夕子とアールマティの協力を得て、松田に対し俺が出来ることは、口説くことや機嫌を取ることではなく、謝罪が先であるという課題が浮かび上がっていた。一にも二にも謝罪である。あの日、松田が逃げてしまったこと、その原因は松田にあったのではなく、俺の失言にあったことが明らかになった。個人と個人の間で行われる謝罪に第三者が入ってはらならない。この場合、俺が松田に謝罪をするのに、夕子を引き連れていくのは卑怯だ。
「腕を上げたか? 夕子」
「食っていけないと困るんだよ。客が来ない理由はいろいろあっても、リピーターが来ない理由が料理がマズイじゃやりきれないからね」
エプロンを畳んでカウンター席に腰かけ、スパーとタバコをふかす。夕子に甘えることはもうできない。
「メール返ってきた?」
「そう簡単なものではないぞ夕子」
「そうだろうね。何しろ地獄の、いや、天界の要人になろうってお方だ」
「茶化すな」
俺もタバコに火をつけるが、一向にメールは戻らない。
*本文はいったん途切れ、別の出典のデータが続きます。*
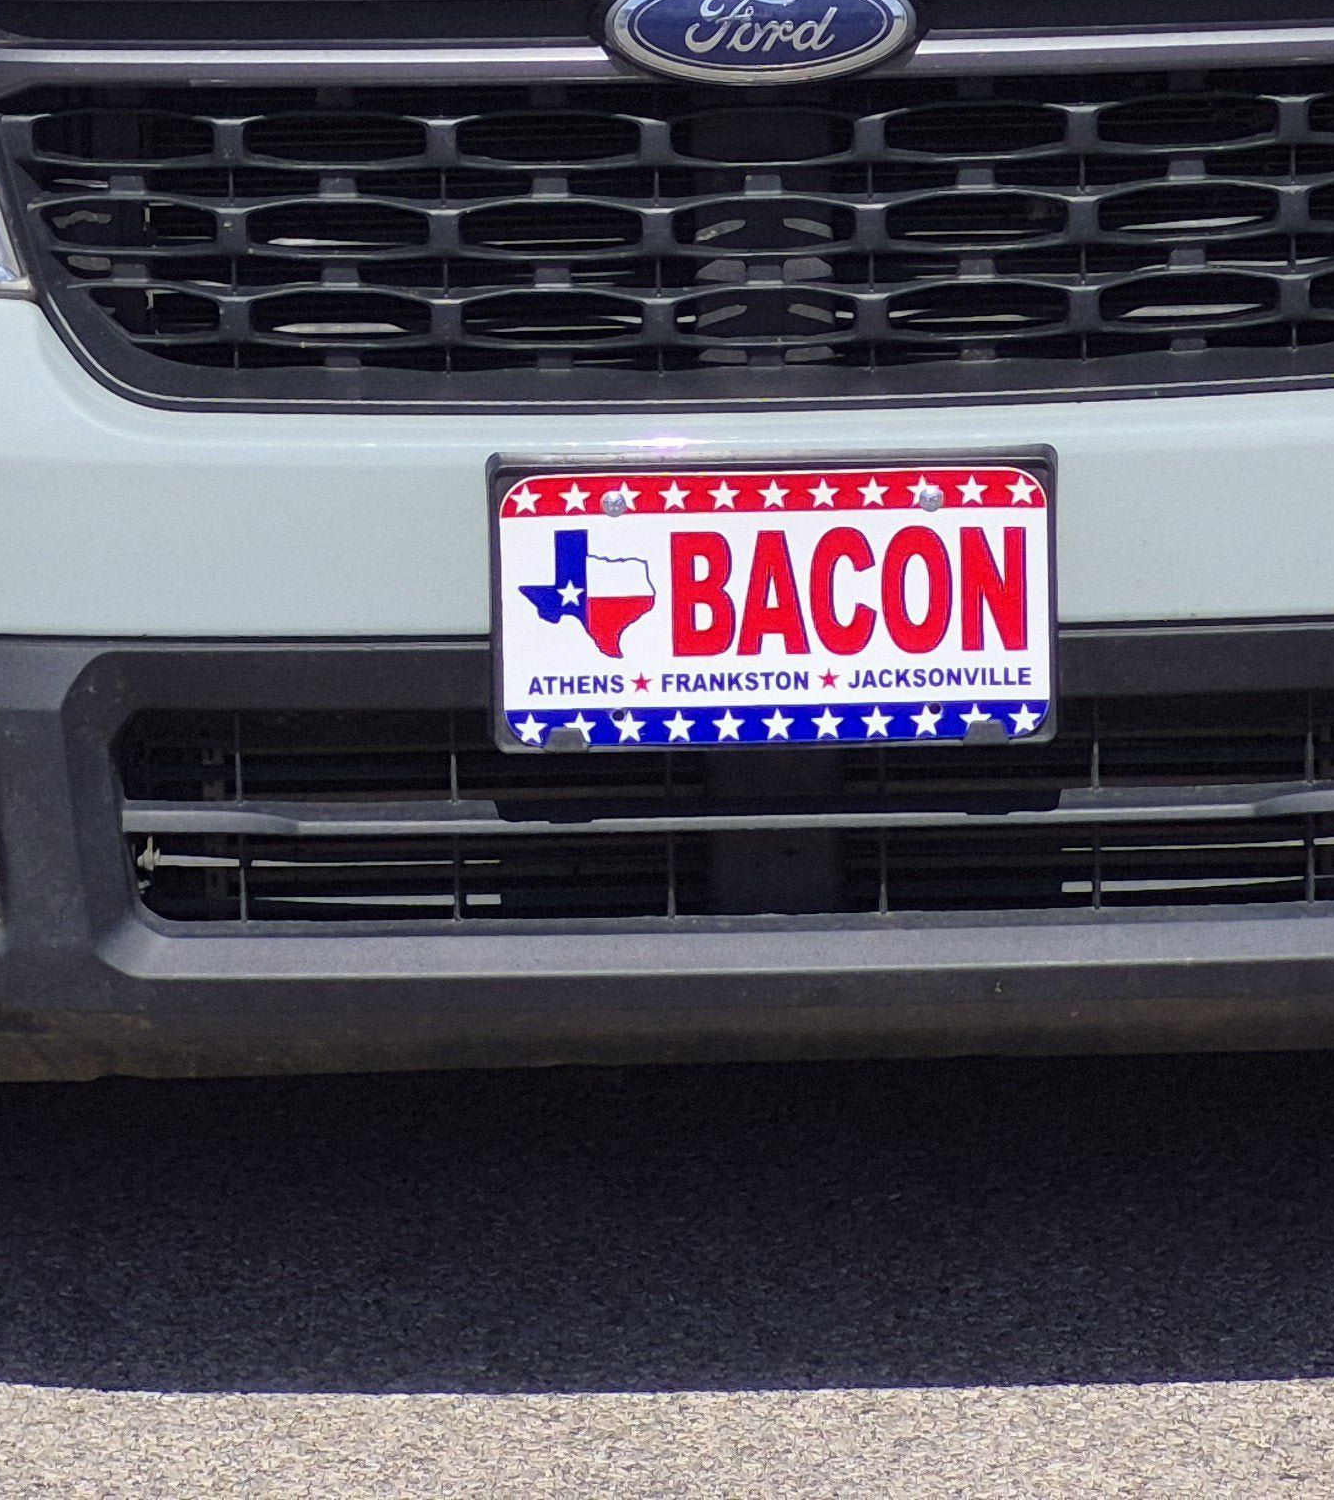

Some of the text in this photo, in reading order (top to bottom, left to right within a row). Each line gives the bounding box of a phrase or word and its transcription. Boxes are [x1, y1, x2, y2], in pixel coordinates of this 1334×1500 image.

[669, 525, 1029, 658] BACON
[528, 666, 1032, 695] ATHENS FRANKSTON JACKSONVILLE
松田と二人で行った東京ドーム、どうしてもあの時のことが頭をよぎる。メールが戻ってくれば、またあの時と同じように松田と楽しく過ごせるだろうか? 答えは否である。松田に謝罪をし、許されても、俺は松田の腐女子なる深淵の趣味と向き合い、受け入れることになる。それは俺の知らない松田の領域に踏み込むこと。関係が進展すると、松田は変わってしまうのではないだろうか? あのドライで飄々とした強者、松田のウェットな、弱点ともいえる部分を俺は期せずして知ってしまった。松田に許され、再び向き合った松田は、果たして同じ松田と言えるだろうか?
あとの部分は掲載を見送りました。